Flow acts as a bridge between traffic simulators (e.g. Sumo, Aimsun, ...) and reinforcement learning (RL) libraries (e.g. RLlib, Open AI, ...). It provides you with an interface that lets you train RL agents on a custom road network without having to worry about integration with the traffic simulator and the RL library. Flow creates this connection automatically. Flow also provides you with tools to analyze the trained policies.

flow充当了交通模拟器(如Sumo、Aimsun等)和增强学习(RL)库(如RLlib、Open AI等)之间的桥梁。它为您提供了一个接口，允许您在自定义道路网络上培训RL代理，而不必担心与交通模拟器和RL库的集成。Flow自动创建这个连接。Flow还为您提供了分析经过培训的策略的工具。
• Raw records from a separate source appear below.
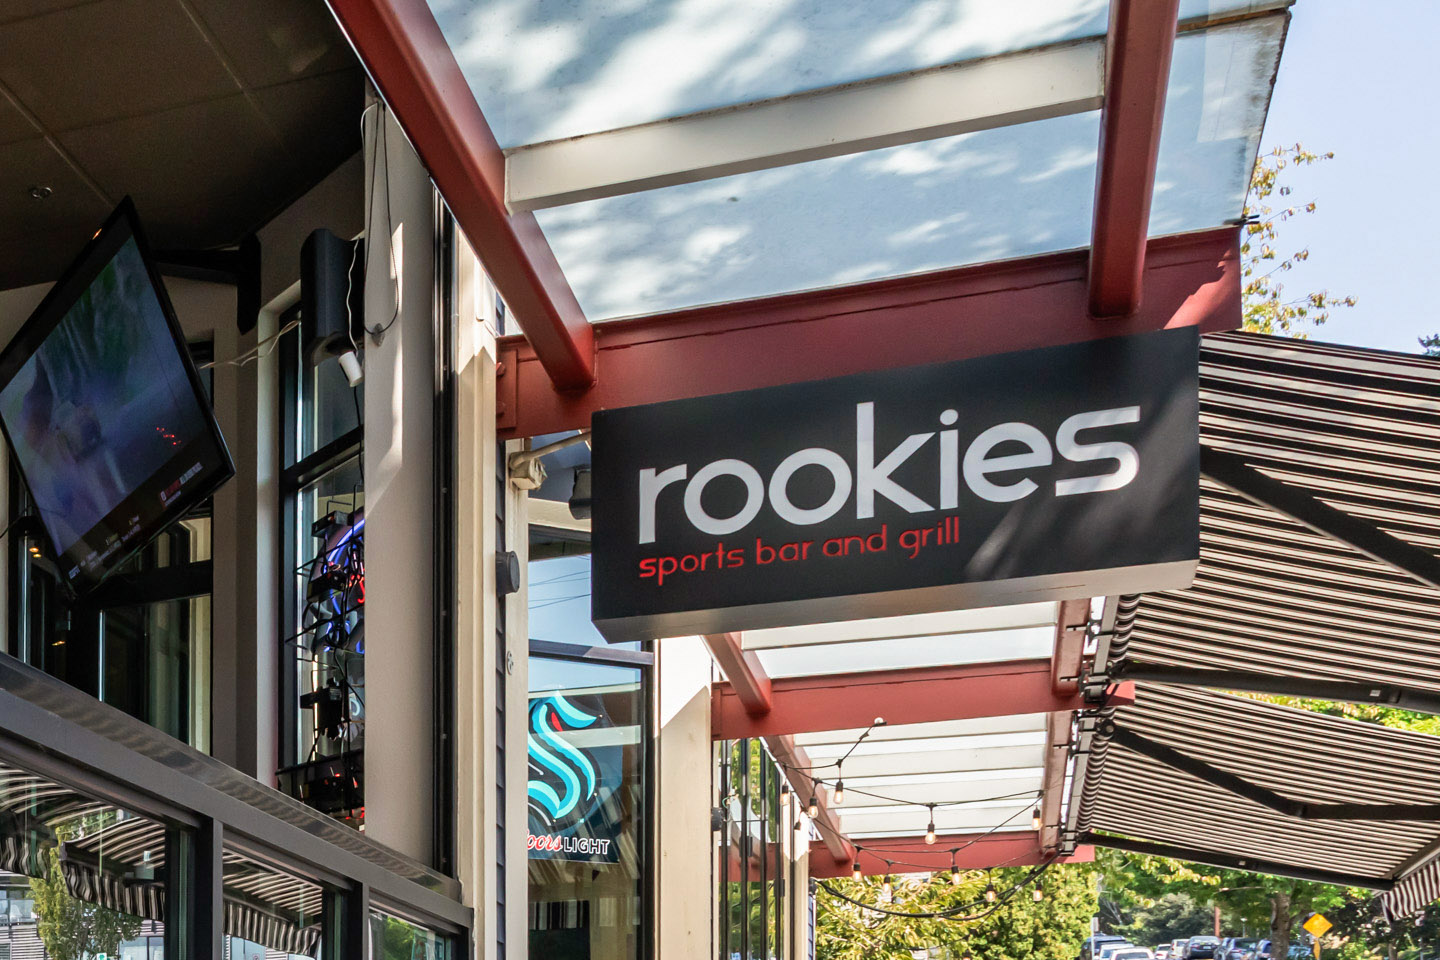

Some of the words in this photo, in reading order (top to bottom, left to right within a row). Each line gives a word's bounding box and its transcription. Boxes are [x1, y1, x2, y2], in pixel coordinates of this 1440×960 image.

[638, 401, 1141, 545] rookies
[638, 541, 745, 586] sports
[755, 535, 808, 565] bar
[822, 523, 888, 559] and
[899, 515, 960, 560] grill
[527, 829, 563, 852] oors
[563, 836, 610, 855] LIGHT
### Running Flow without training

All you need to run Flow is a network. 

- <u>**a network**</u>: this is basically the term we use to talk about a road network. A network is a class that contains information about the road network on which your agents will be trained. It describes the roads (position, size, number of lanes, speed limit, ...), the connections between the roads (junctions, intersections, ...), and possibly other information (traffic lights, ...).

这基本上是我们用来谈论道路网络的术语。网络是一个包含有关您的代理将在其上接受培训的道路网络的信息的类。它描述道路(位置，大小，车道数，限速，…)，道路之间的连接(交叉口，…)，可能还有其他信息(交通灯，…)。

Once you have defined this class, the next step is to set up the parameters of the simulation. These include, non-exhaustively, name of the simulation, the network to use, the simulator to use _(SUMO, Aimsun, ...)_, the vehicles and/or traffic lights to add to the network, etc.

一旦您定义了这个类，下一步就是设置模拟的参数。这些参数包括仿真的名称、要使用的网络、要使用的模拟器_(SUMO、Aimsun、…)_、要添加到网络中的车辆和/或交通灯等。

You can then run a simulation on this network without doing any training, in this case you won't need any "RL environment" (explained in next section). The next tutorials will show you how to do just that. Once you have gone through this tutorial, the next tutorials will walk you through the process of creating your own networks and RL environments, setting up a simulation so as to train your own agents, and finally visualizing the results.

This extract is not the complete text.